To investigate the longitudinal growth trajectories of disease-specific quality of life (QoL) dimensions and their associations over 1 year.

Design

A longitudinal design. Data were collected between February 2015-May 2017.

Methods

Four hundred and fifteen stroke survivors (mean age 70.6 years; 81% ischaemic stroke) were recruited after discharge from rehabilitation hospitals and were followed up every 3 months for 1 year. Changes in Stroke Impact Scale (SIS) dimension scores were evaluated using hierarchical linear models (HLMs) and linear, logarithmic, quadratic, and cubic time slope.

Results

We observed a significant linear and quadratic increase in most SIS dimensions from the baseline to 12-month follow-up, especially in physical dimensions. The communication dimension was stable over time, while the memory dimension increased only linearly.

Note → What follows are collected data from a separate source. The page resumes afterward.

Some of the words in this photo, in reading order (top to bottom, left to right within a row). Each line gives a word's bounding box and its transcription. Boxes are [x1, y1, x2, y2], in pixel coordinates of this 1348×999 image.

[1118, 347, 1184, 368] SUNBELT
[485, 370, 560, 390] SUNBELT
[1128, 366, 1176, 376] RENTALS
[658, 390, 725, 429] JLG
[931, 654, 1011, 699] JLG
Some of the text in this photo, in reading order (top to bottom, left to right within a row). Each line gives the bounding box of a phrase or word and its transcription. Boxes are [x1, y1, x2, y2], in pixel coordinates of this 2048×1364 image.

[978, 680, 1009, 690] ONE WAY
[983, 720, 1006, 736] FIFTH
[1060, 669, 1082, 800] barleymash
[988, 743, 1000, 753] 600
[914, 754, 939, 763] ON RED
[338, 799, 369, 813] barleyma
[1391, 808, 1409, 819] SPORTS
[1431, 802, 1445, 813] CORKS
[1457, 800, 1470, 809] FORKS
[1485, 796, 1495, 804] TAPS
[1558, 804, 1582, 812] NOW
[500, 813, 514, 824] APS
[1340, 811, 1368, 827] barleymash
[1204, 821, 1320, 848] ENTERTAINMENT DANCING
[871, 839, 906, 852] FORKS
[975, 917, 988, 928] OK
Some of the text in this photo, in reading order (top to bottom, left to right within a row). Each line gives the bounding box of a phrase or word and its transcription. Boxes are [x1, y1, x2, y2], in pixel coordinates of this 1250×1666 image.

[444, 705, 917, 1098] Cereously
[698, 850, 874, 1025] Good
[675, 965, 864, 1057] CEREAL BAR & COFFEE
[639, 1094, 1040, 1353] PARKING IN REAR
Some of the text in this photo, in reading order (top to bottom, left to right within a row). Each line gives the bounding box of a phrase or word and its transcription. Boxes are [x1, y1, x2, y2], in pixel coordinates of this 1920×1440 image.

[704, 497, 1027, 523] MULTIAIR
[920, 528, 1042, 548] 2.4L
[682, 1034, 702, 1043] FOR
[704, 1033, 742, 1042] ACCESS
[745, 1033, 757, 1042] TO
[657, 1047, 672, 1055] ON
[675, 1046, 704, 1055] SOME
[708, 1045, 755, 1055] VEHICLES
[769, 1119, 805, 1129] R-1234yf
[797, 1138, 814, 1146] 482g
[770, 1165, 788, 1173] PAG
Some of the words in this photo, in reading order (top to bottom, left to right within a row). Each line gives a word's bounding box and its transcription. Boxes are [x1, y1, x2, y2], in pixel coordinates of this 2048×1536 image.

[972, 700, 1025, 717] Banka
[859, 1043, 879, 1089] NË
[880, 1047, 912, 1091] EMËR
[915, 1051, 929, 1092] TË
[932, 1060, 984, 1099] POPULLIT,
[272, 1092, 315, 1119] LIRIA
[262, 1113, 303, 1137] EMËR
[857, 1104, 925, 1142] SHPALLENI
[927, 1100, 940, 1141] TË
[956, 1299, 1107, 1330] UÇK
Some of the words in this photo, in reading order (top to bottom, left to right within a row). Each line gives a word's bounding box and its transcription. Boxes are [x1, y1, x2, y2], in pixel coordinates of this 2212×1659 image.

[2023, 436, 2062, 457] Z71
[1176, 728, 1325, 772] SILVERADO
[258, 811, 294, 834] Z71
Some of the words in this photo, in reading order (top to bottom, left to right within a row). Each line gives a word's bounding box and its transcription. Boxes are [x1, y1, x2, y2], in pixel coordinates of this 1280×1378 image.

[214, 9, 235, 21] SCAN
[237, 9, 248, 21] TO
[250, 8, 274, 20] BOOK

Higher physical dimension scores were significantly associated with lower age, hypercholesterolaemia, and better physical functioning at baseline, while higher communication was associated with lower age, better physical functioning, and a diagnosis of peripheral vascular disease. Better memory was associated with lower age, married status, better physical functioning, and left-hemisphere stroke. Better participation was associated with lower age and better physical functioning. No significant associations were observed for emotion.

Conclusions

This study provides important information about the trajectories of stroke survivors' specific QoL and their associated variables.

Impact

Stroke has a great impact on stroke survivors' QoL. Disease-specific QoL significantly increases from the baseline to 12-month follow-up, especially in physical dimensions. Lower age, hypercholesterolaemia, better physical functioning, and diagnosis of peripheral vascular disease seem to be associated with better QoL. Through the analyses of associated variables, we identified stroke survivors who are more at risk and who need more tailored interventions to improve their physical, psychological, emotional, and social dimensions.

Keywords

Stroke Impact Scale; nurse; nursing; patient; quality of life; stroke; survivors; trajectories.